"Drop this! I won't fight with you. I won't be made ridiculous."
"Ah, you won't?" hissed the Gascon. "I suppose you prefer to be made infamous. Do you hear what I say? ... Infamous! Infamous! Infamous!" he shrieked, rising and falling on his toes and getting very red in the face.
My grade 11 history teacher wore a brown leather jacket, Lennon specs, and a beard. He was a Harley-riding born-again Christian. Mr Osgan encouraged all sorts of strange ideas. For example, we did a unit on Ancient India, which may not sound so strange in these enlightened times, but back in my day, the classes of my peers were essentially limited to the big three: the Egyptians, Greeks, and Romans.
Naturally, the course material lent itself to discussion of philosophy and religion, and really, that's all your typical hormonal teenagers really want to talk about. I don't think it was just me; most kids thought he was pretty cool, laid-back, like, he got it, man.
He'd go off on all sorts of interesting tangents. It seemed to me they were all about road trips, and meeting hippies and drinking tea and playing sitar. No, he probably didn't tell us any stories quite like that, but he may as well have, man, that was totally the aura he exuded.
For some reason, Mr Osgan seemed to think I was pretty bright, and he gave me A++s (that's double pluses) on my essays. I wrote something on Lucretius and Epicureanism. Then there was this thing on Pythagoras's Table of Opposites and how Pythagoras was clearly(!) influenced by Eastern philosophy. I had to present that to the class. Mr Osgan told me he was giving me bonus points for having conducted the whole seminar barefoot, that it somehow enhanced the material. But I hadn't given it any thought. I was just reckless that week. That was the week my mom went to visit my sister, and I stayed home alone with my big brother, though you can't really say my brother was very present. I had friends over, and stayed out late, and didn't prepare for my project at all. I just left my shoes somewhere, or my feet hurt or something. It was spring, and warm and sunny.

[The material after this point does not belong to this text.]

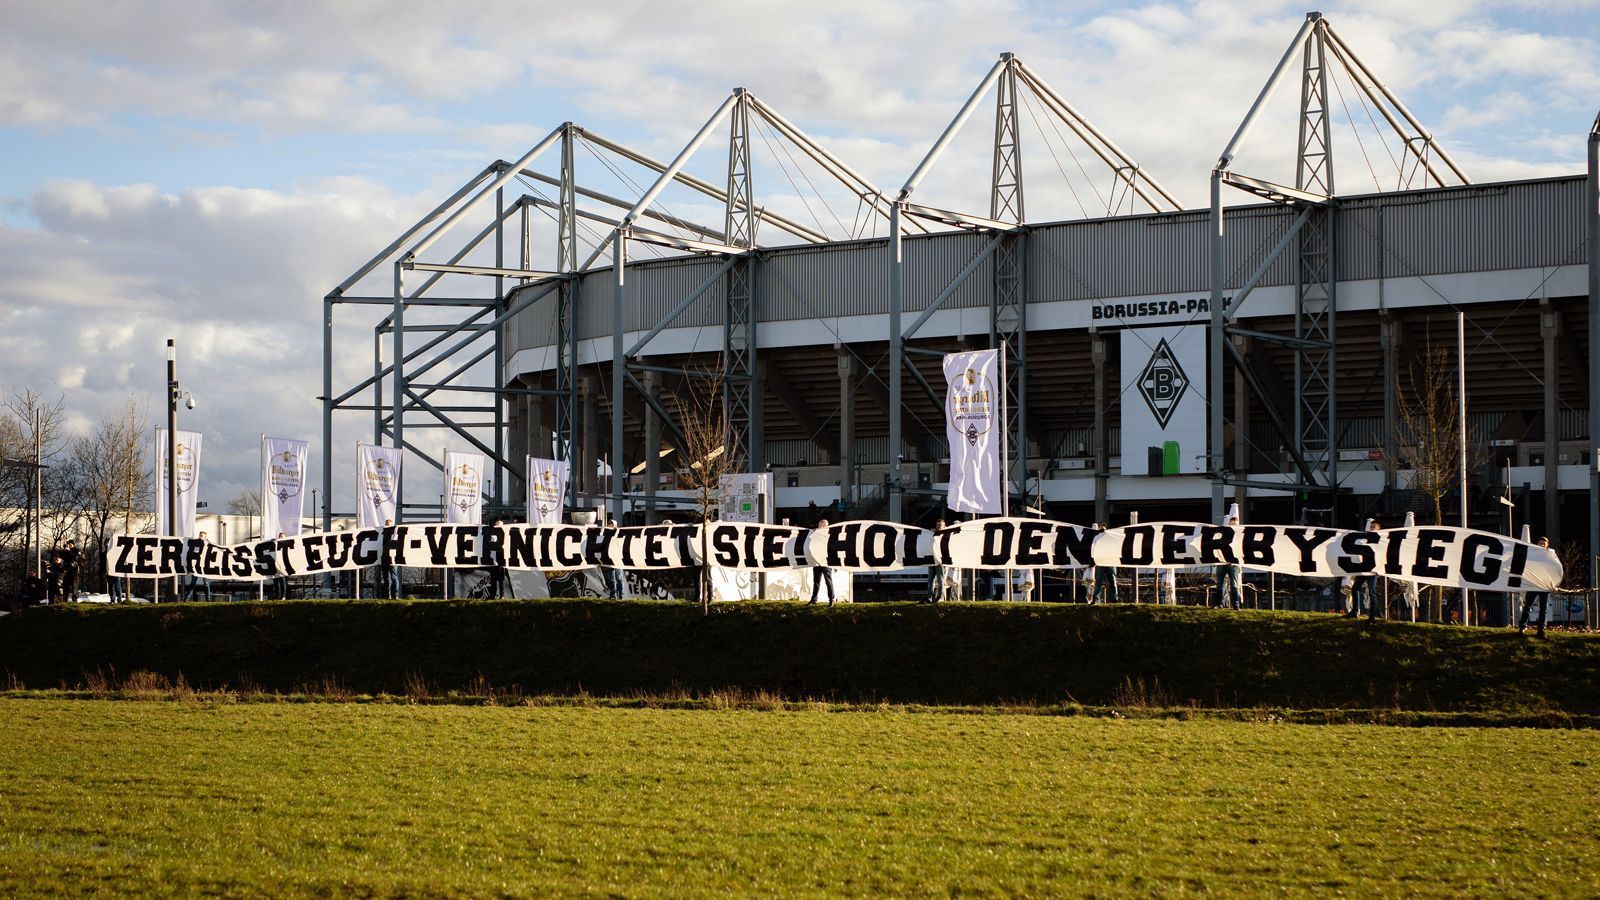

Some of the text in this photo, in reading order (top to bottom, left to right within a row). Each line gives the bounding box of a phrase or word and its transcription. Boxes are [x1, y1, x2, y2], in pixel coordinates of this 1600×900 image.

[115, 536, 295, 577] ZERREISST
[713, 525, 809, 568] SIE!
[826, 523, 961, 567] HOLT
[980, 521, 1105, 566] DEN

Anyway, before all that stuff, on the very first day of class — history was my home room — Mr Osgan had us fill out some basic information about ourselves, things related to culture and language and religion, I think, and we had to respond to something like, I dunno, "How would you describe yourself," or "What do you want me to know about you?" — something like that. And I remember I wrote that I was "a prolific reader" and I think I was going through my Somerset Maugham phase and I said something about that, but then I worried a long time, for days, about whether I'd used the word "prolific" correctly.
So Mr Osgan notes that I'm Polish, and he starts to tell me, and the whole class, about Józef Teodor Konrad Korzeniowski, aka Joseph Conrad, and how remarkable it is that he should write so remarkably well in a language (English) other than his mother tongue (Polish), and, really, I should read him. I'm pretty sure he noted Nostromo as being particularly good. And then he went off on a tangent about some commune where they drank tea and read Conrad or something.

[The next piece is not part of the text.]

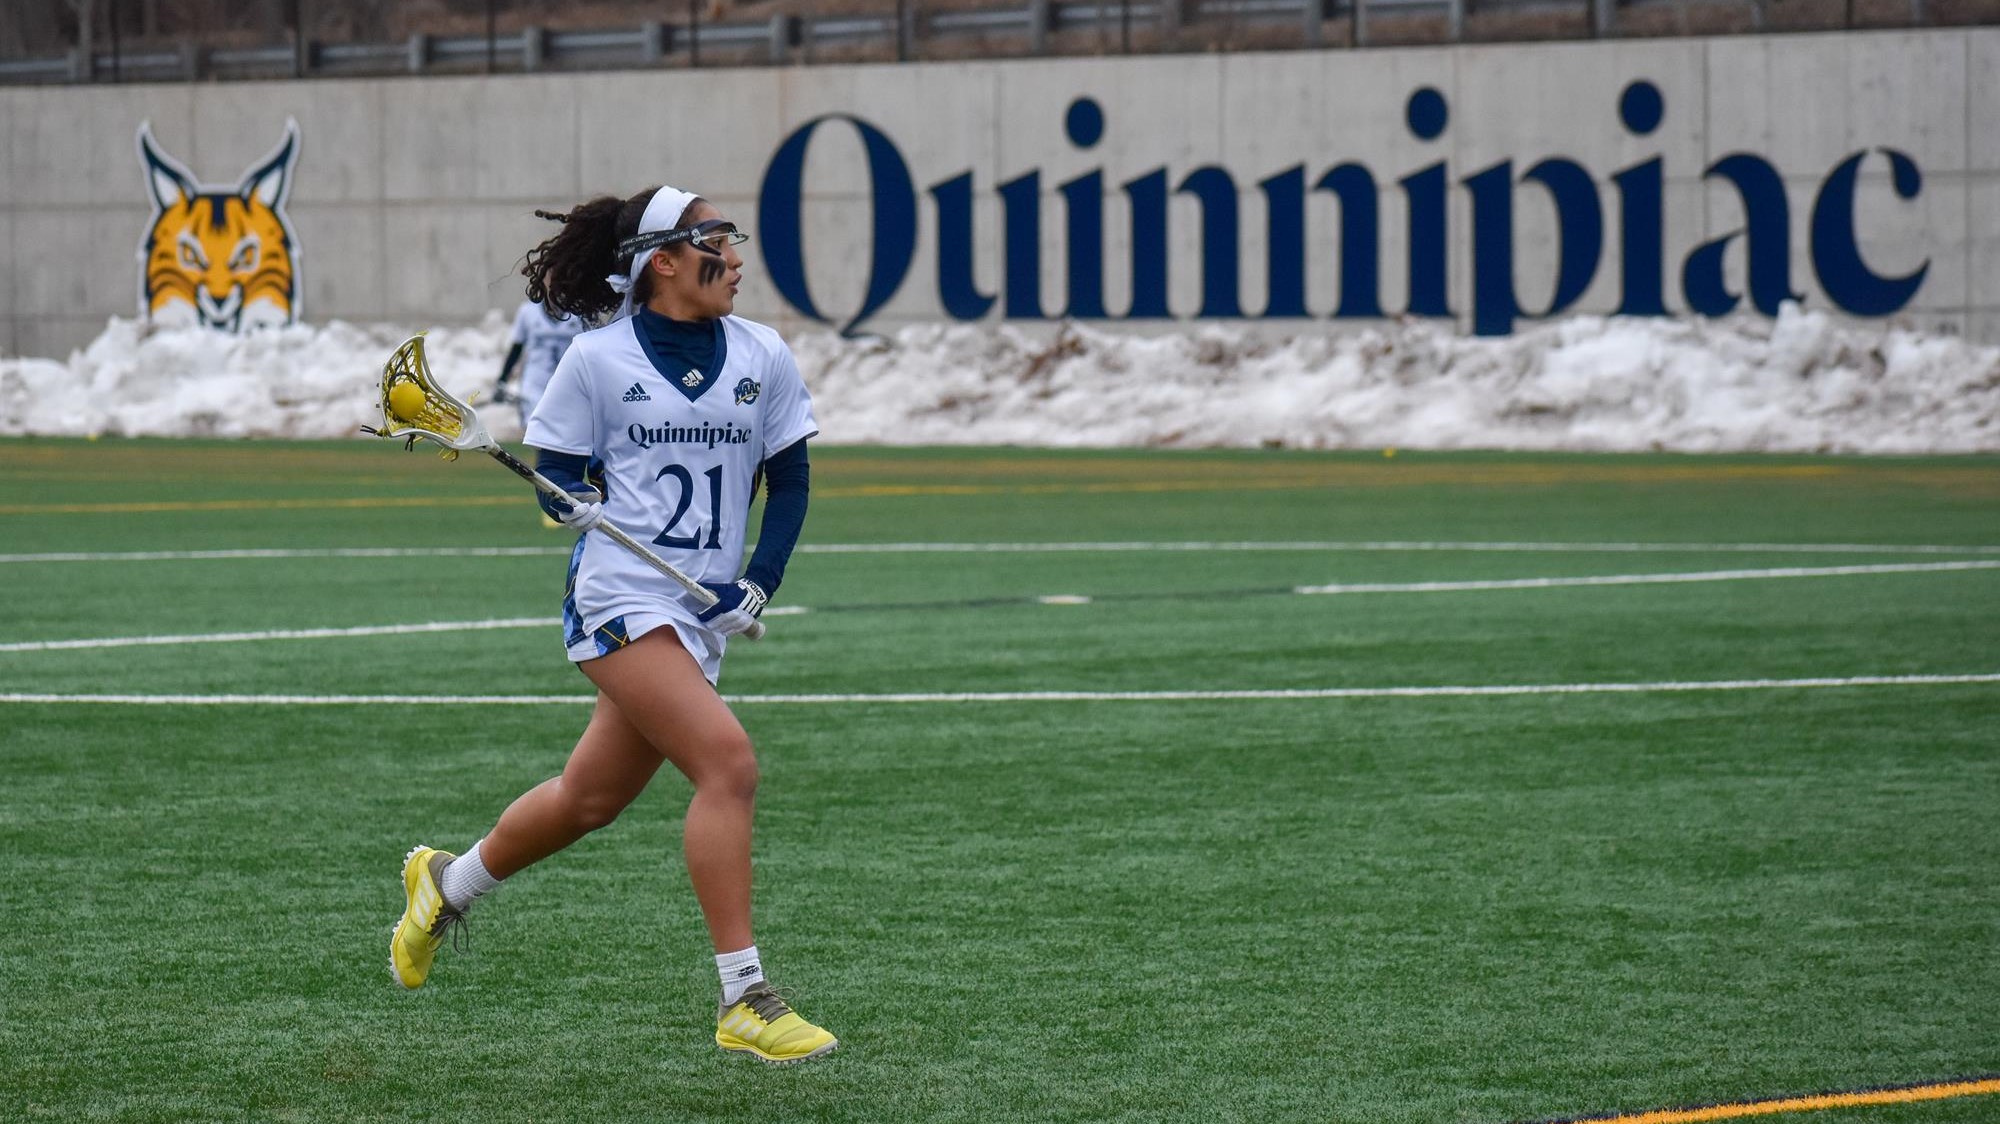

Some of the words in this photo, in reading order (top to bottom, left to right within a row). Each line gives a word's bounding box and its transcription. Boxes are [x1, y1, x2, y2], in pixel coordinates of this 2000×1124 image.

Shortly thereafter I had my very own copy of Nostromo (did our rinky-dink local bookstore actually have it in stock? did my mother special order it for me?). I'm sure Mr Osgan noticed me carrying it around for a while, but he had the sense never to ask me about it.
I still have that book somewhere. Dogeared at page 17. It bears the distinction of being the first of very few books I never finished.

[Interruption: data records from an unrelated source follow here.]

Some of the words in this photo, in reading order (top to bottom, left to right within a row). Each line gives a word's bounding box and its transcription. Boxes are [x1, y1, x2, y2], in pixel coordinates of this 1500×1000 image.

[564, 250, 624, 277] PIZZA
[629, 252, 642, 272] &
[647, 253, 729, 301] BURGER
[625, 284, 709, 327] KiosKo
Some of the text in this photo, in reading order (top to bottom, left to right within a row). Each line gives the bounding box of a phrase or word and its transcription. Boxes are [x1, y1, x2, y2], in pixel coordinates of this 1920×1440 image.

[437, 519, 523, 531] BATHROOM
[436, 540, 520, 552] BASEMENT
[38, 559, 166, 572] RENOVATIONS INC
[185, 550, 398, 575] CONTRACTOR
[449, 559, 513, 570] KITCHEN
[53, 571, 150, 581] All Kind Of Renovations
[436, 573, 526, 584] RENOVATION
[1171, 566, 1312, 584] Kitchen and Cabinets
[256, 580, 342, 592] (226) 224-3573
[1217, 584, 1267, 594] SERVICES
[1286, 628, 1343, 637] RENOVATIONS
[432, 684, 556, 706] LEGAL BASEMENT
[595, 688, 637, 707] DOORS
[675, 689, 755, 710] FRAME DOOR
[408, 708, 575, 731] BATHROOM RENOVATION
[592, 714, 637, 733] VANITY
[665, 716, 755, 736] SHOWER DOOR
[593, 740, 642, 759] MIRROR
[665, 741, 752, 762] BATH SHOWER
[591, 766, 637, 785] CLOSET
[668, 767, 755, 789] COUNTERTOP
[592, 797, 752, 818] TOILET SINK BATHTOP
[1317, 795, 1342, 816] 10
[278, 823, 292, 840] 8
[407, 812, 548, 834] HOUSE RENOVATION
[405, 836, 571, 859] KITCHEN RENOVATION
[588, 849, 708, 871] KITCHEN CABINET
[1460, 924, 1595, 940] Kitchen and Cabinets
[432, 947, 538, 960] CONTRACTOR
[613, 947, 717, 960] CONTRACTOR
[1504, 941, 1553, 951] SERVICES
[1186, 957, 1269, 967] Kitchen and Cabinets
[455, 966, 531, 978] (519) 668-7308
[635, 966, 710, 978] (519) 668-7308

University was a lot harder than high school. In first year, I was a math and philosophy major, but everyone still had to take English. Everyone was tested and placed according to their abilities. I was exempt from all the basic grammar and composition stuff, and ended up in a lit survey course, which was one of the very few lit courses I took in university.
Of course, Heart of Darkness was on the syllabus, and nothing in the world could convince me to read it. I'm not sure I even tried. Maybe I tried. Maybe I read a page. I'm pretty sure I didn't even try. I totally faked it. I hadn't even seen Apocalypse Now.
And I've felt this gaping lacuna in my literary education ever since.
I tried to read Nostromo again later, in my twenties, which served only to grant it the the distinction of being the only book I never finished twice.
Enter The Duel. I received my e-book for free when I subscribed to Melville House's mailing list (offer no longer available).
Conrad's Duel. It's funny! And absurd — the extent to which honour may be insulted and defended. I'm not quite finished, but finish it I will. I may even try Nostromo again.
Thank you, Melville House, for reconciling me to Joseph Conrad. Otherwise this standoff might've lasted to the death (mine).
Congratulations, Frances, for all the extraordinary reading you accomplished this month — the Art of the Novella reading challenge — and thanks for the nudge in this direction.
Sorry, Mr Osgan, that I never appreciated Conrad the way you hoped I would. But look at me now.
Saying these words the chief spun round to seize the truth, which is not a beautiful shape living in a well, but a shy bird caught by strategem.